The experience of God is not all joy and laughter. It has often been terrifying to those who experience it. Why?

Carl Jung once famously said,

One of the main functions of organized religion is to protect people against a direct experience of God.

-Carl Jung

Protect them? Yes. We tend to think that having a direct experience of God would be a great thing, totally positive, wonderful, joyous. But there is a significant downside…

The ego has to die.

It is a horror to the ego, the finite subjective self. One sees one’s self dissolve into nothingness, and this is terrifying, hence whenever there is a theophany the first words out of the angel’s mouth is often “Fear not!”

We can also find examples of this as in the Moses story, the Israelites, and Mount Sinai. If the Israelites came close to the mount, they would die, or be destroyed, and so Moses was instructed to keep them away, telling them to stay away from Sinai. I think it is referring to this kind of ego death. And, of course, Jesus only ascends to his Father after he has been crucified.

So being “protected” against a direct experience of God might actually save our life, at least our ego’s life, the self we think we are. So is ignorance bliss? Is it better to “protect” ourselves from an experience of God so that we can keep living as we are, believing we are the self we think we are, and not know God? Should we be kept from that Presence by religion, as Moses kept the Israelites away from Sinai?

I’m reminded about this again this morning, in an interview with cognitive scientist Donald Hoffman. His theory of the nature of reality is that we don’t see reality as it is, we see a kind of “user interface” which has evolved to help us survive and reproduce. This is pretty similar to many other classic philosophies, such as Plato’s seeing the shadows on the cave wall, or Kant’s seeing the phenomenon and not the noumenon (thing-in-itself).

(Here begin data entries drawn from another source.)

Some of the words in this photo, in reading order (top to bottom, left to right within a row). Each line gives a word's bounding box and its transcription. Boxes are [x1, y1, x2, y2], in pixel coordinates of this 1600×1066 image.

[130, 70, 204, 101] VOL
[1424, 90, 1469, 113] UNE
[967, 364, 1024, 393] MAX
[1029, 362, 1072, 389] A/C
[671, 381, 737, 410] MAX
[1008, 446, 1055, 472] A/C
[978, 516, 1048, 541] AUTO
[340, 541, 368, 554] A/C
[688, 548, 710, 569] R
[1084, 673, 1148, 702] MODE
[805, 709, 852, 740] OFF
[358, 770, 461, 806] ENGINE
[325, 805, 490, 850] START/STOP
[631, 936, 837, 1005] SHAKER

But Hoffman goes further to say that he has run simulations and the organisms that see Reality as it is, that see the real Truth, are actually far less fit than those who only see that which is designed for their fitness or survival. Those that see the Truth actually become extinct. They die!

If God is Truth, then we have to ask, is seeing God or knowing the Truth, or Reality as it really is, a good thing for us? Or is it better for us to be tricked into a way of living that allows life to thrive, and to stay in the dark all the while. Is ignorance bliss? When we know, is the bliss gone? Do we die?

The irony is that we do die when we see the Truth, as I already talked about above. The finite self that we think we are, that psychological self, the ego-self, the “natural man,” it falls away from consciousness, and one perceives beyond the subjective self. We leave Plato’s cave and see the sun. We see Kant’s thing-in-itself. And remarkably, we are the sun, we are the thing-in-itself. There is no separation, no duality. We are redeemed from our Fall into separation, and enter the Presence of God everywhere in everything.

But is this good for life, for existence, for human thriving, for the progression and perpetuation of our species on Earth? Hoffman himself says in this interview that he wants to know the Truth, no matter what, no matter if it is devastating, etc., and I think many would agree with him. We want to know the Truth. We don’t want to be kept in the dark, playing with the shadows on the cave wall, in ignorance. Much of our lives, and scientific culture, our religion, our economic activities are supposedly geared towards uncovering the Truth about reality, unveiling the Ultimate or Base Reality as it really is, knowing who we really are.

But is that good for us? Is knowing the Truth beneficial to us? Is knowing our Self a positive thing, something we should seek? I think most spiritual teachers would say emphatically, yes. Even if we have to “die” to know it? Yes. They seem to say that this is the whole point. To die. It is perhaps only when we die to our constructed sense of self that we are able to live as our true authentic Self. Perhaps this is true living. And this Self is not any confined, sheltered, protected, isolated Self, but the Self of the entire world and cosmos. It is every self, every being, as One. It is the totality, the Whole.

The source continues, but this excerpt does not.